Breaking the Biting Habit
The two–year-old ran to his Mum crying. The bite marks on his arm showed bright red, and the culprit, running round the garden laughing, on the tricycle he had taken from his little brother, was oblivious of the hurt he had caused.
This was not the first time – and it took his Mum by surprise when her older son suddenly started biting, usually when he wanted something or was upset.
When your usually loving playful child turns into a Biting or Bashing Brat, you need to take immediate action.
DO NOT Shout at him or give anger for anger: that just exacerbates the problem.
Calm yourself, don’t react in panic or anger. Take a few deep breaths.
Stop, get to his level, hold his face,
Talk to him, quietly and calmly, eye-ball to eye-ball:
‘NO! you will not hit / bite. If you are angry, you use your words, tell me. No hitting. No biting.’
Reassure him, tell him it’s ok, we all get cross sometimes, but we need to talk about it. Let’s find another way to show we are cross.
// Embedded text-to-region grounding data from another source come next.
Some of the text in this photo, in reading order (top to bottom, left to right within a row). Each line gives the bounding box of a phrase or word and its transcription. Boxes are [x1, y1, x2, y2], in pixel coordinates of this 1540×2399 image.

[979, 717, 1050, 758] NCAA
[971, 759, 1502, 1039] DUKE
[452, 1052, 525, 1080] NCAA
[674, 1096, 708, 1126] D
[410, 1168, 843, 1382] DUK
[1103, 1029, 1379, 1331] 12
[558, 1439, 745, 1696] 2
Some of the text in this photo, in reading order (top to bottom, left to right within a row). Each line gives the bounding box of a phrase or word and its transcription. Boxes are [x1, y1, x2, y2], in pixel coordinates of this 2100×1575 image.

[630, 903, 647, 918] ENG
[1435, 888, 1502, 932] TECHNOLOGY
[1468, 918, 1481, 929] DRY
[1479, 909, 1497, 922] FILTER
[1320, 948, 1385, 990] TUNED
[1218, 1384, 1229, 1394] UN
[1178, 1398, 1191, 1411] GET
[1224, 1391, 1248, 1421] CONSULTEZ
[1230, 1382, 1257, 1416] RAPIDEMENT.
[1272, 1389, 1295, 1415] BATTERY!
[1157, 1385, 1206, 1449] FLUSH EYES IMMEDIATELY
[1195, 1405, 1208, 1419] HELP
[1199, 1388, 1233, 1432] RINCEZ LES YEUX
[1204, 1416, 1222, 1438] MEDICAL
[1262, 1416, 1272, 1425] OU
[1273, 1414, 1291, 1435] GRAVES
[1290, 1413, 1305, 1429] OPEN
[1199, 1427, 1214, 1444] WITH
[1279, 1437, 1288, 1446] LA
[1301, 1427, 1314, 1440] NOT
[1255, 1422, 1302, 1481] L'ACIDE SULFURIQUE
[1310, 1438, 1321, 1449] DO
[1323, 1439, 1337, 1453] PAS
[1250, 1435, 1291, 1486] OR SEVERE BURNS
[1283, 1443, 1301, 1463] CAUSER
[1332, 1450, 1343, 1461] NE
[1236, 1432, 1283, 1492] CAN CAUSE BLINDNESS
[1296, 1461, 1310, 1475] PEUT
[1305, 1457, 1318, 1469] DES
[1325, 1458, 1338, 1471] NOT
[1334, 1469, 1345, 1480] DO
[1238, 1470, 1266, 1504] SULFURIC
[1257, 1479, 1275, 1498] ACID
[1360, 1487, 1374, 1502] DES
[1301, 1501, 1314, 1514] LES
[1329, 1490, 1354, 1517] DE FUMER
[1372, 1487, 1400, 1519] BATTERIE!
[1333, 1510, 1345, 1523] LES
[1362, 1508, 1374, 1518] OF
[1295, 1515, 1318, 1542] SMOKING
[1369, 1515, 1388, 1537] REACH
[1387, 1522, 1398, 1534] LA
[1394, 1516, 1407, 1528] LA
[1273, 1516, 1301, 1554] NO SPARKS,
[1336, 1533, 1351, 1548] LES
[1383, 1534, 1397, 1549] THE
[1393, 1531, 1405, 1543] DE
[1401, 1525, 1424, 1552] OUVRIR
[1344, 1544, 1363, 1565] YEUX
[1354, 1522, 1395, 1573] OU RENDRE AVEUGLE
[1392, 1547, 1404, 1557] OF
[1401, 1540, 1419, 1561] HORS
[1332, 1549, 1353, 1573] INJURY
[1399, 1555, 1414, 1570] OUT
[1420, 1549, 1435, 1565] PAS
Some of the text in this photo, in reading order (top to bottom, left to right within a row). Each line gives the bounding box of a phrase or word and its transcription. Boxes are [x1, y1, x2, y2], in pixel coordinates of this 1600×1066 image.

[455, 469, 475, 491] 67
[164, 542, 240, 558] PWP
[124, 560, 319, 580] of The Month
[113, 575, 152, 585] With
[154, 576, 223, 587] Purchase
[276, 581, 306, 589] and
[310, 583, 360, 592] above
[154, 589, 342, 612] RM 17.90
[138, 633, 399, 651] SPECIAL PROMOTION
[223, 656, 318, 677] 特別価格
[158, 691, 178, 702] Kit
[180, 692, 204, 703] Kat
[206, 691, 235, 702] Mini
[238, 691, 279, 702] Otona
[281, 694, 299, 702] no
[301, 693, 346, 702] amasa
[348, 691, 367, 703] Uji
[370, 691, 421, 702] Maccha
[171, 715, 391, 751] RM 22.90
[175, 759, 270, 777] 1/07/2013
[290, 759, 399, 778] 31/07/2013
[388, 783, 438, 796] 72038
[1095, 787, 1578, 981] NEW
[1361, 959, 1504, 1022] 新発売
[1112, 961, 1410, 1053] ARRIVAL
Hold him or sit close to him and repeat until he has calmed down.
Occasionally, a child is really mischievous and reacts to the unusual attention – my youngest son went into gales of laughter when I told him ‘No! you do not bite’.

In the end, when this had happened several times, I demonstrated to him what biting feels like. I took his arm and bit him, not hard enough to hurt him but for him to feel the sensation.
He was shocked! And that did the trick, he never bit anyone again!
Please do share your ideas, you may have found a strategy that works even better.